The limitations of this research are explained below. The proposed method provides a new approach to represent patent documents with hierarchical class labels via VSM. In order to test the performance of the proposed method, we built a classification model via SVM (which is the most popularly used method for classification) from the vectors generated from patent documents. Although the experimental results indicate that our method can generate vectors with better performance, the validity of our results is limited to classification tasks with the SVM method. It is still unknown if similar results can be obtained by applying the generated vectors to other tasks or other classification models rather than SVM.

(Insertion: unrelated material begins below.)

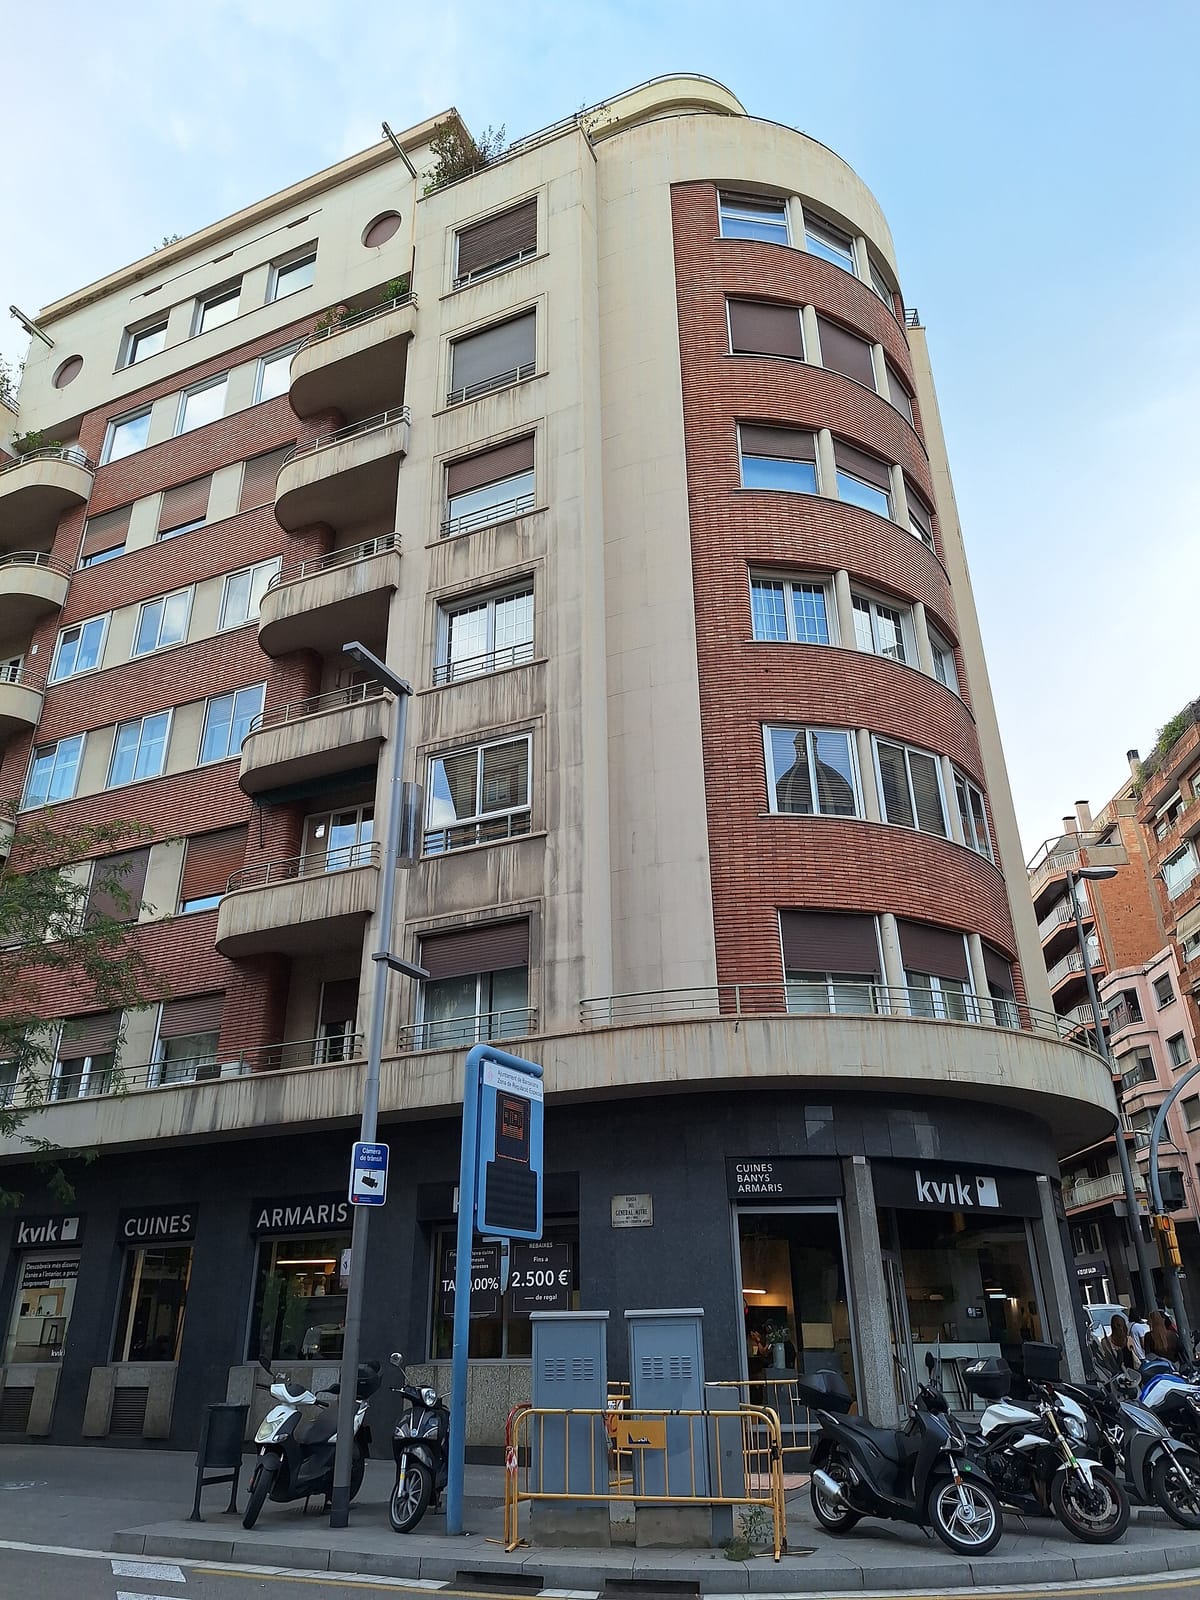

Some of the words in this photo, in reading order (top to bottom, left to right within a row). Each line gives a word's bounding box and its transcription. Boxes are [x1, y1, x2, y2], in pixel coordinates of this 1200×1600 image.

This is the first article that utilizes the hierarchical label structure to design a better feature selection scheme. This effort points out an interesting direction for future research, not only for patent documents, but also for documents with hierarchical labels. That is, what other hierarchical label structures can be used to design improved methods for feature selection, feature extraction, classification and other tasks? For example, we may consider another kind of hierarchical label structure such as is used in medicine, i.e. the International Statistical Classification of Diseases and Related Health Problems or commonly known as International Classification of Disease (ICD).
Future studies could be carried out: to test more possible parameters and settings in each selection strategy to further demonstrate the validity of the proposed method; utilizing normalization on the basis of the most frequent term of the jth document while calculating the value of TFICF; trying other ways of setting correctness scores for testing the validity of the measurement of hierarchical accuracy; trying other sizes of patent document set to further prove the validity of the proposed method; to test more possibilities of setting different amounts of selected terms to see whether there is any difference among the experimental results; or to use more textual fields such as the claim and description in patent documents to evaluate the validity of the proposed method.